Download dataset: The dataset file is only available for registered users, please log in to access the file.

Prediction submission format 

A flat file containing a list of variants will be provided. Eight columns will be designated for predictions in the form of a probability and standard deviation for each designation: deleterious, benign, VFP, and VUS. Prediction submission format: Please use the submission file template provided for your submission. In addition, a validation script is provided, and predictors should check the correctness of the format before submitting their predictions.

The submission template file is only available for registered users, please log in to access the file. 

Download BRCA validation script (not available).

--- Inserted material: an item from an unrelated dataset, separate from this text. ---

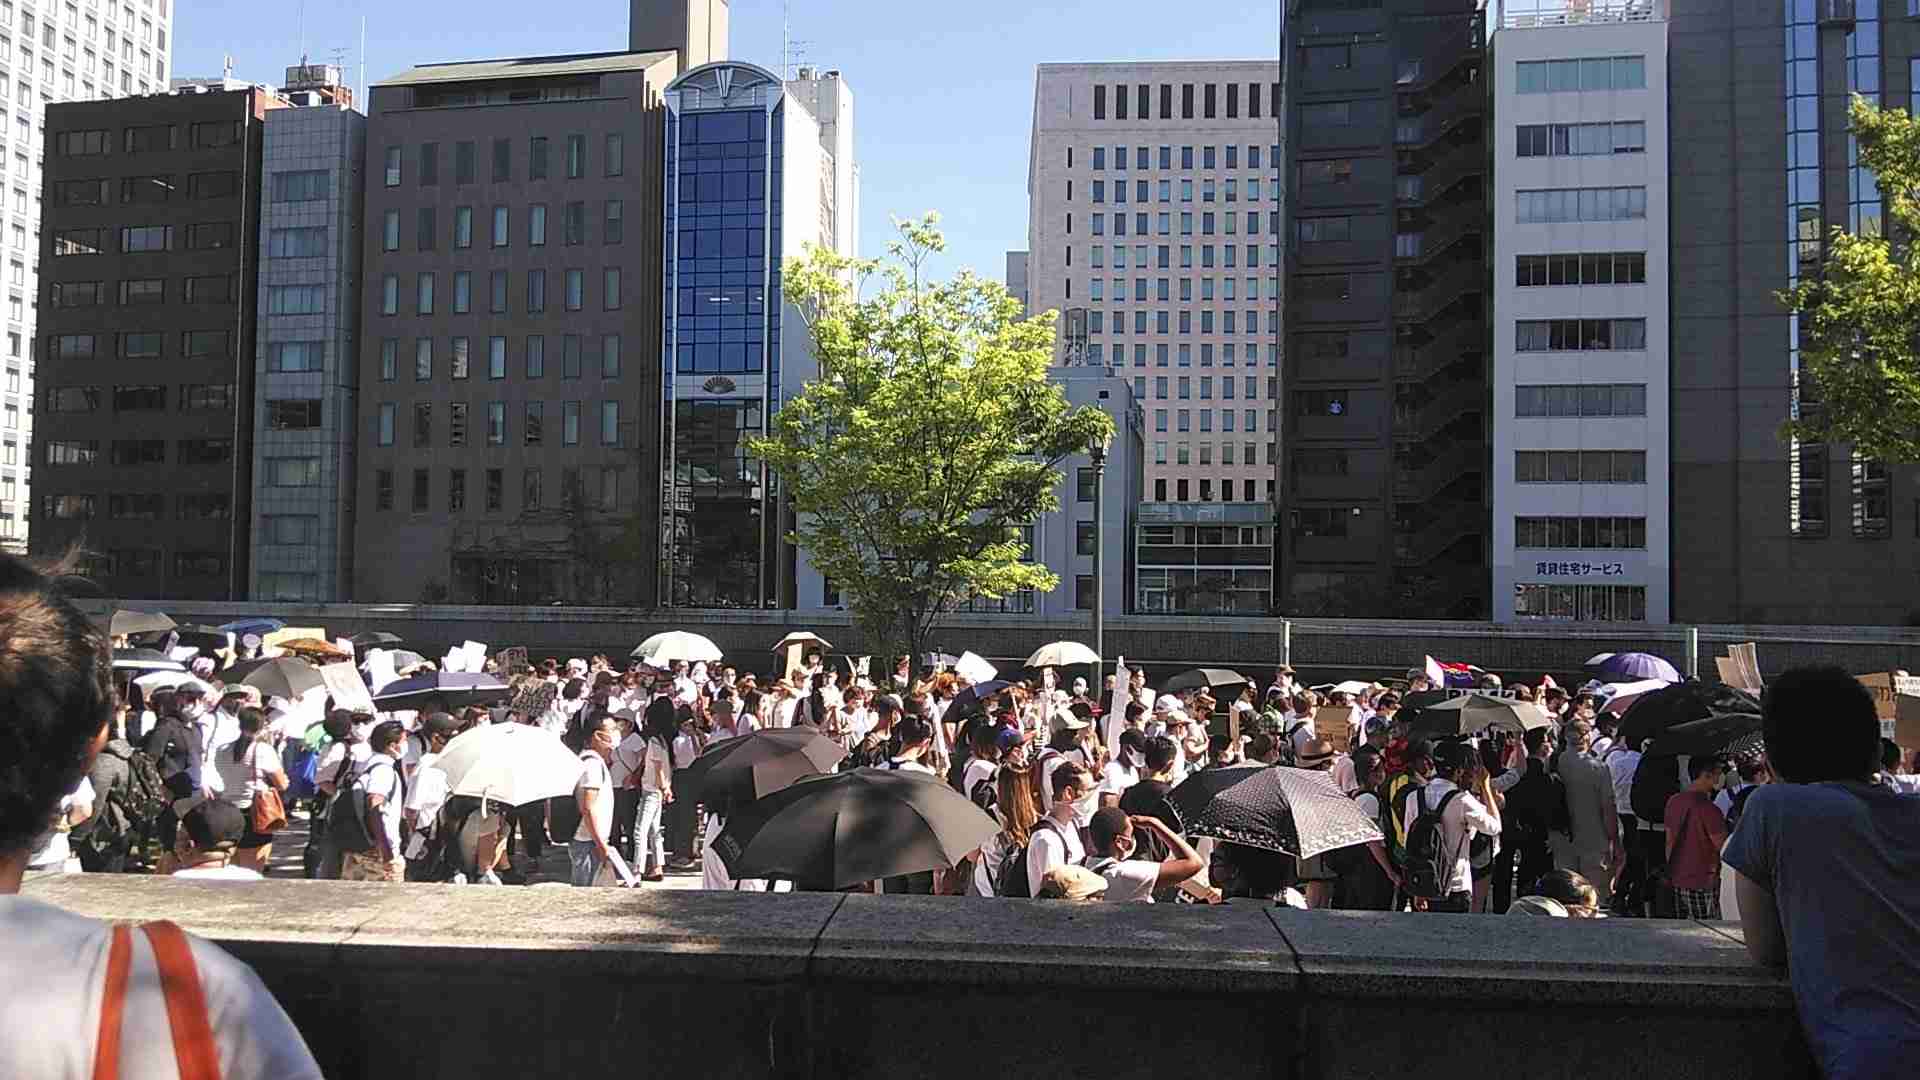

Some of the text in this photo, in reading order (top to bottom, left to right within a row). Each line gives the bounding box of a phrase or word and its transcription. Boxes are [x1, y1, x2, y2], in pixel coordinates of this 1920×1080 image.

[1536, 562, 1624, 575] 賃貸住宅サービス

Prediction submission template: The prediction submission file is a tab-delimited text file. Each row beyond the header row should include the following columns:

  • Column 1: Gene – BRCA1 or BRCA2
  • Column 2: DNA Variant - The DNA variant as listed in the prediction dataset file
  • Column 3: Protein Variant—The amino acid substitution where appropriate
  • N.B. In some cases one of Column 2 or 3 is contains only "*". Columns 1 – 3 must be non-empty and in the order provided in the template.
  • Column 4, 6, 8, and 10: The probability (P) a variant has been designated as in the header row.
  • Columns 5, 7, 9, and 11: The confidence of each prediction probability in the form of a standard deviation (SD). High SD means low confidence, while small SD means that the predictor is confident about the submitted prediction.

Here is a summary of the column designations.

  Gene      DNA Variant      Variant        Deleterious        Benign             VFP              VUS

1               2                          3                  4        5                6        7             8           9      10          11

BRCA#    ##A->B               X##Y           P       SD              P       SD           P          SD    P            SD

In the template file, cells in columns 4-11 are marked with an "*". Submit your predictions by replacing the "*" with your value. No empty cells are allowed in the submission; if you cannot submit predictions for a variant, leave the symbol "*" in these cells. Please make sure you follow the submission guidelines strictly. In addition, your submission should include a detailed description of the method used to make the predictions (similar to the style of the Methods section in a scientific article). This information will be submitted as a separate file. To submit predictions, you need to create or be part of a CAGI User group. Submit your predictions by accessing the link: "All submission forms" from the front page of your group. For more details, please read the FAQ page.


Deadline: 31 October 2012. On 1 November 2012, these variants and their assignments will be released by ClinVar.

Data Provider

Robert Nussbaum, University of California, San Francisco


This challenge is being assessed by Robert Nussbaum, University of California, San Francisco.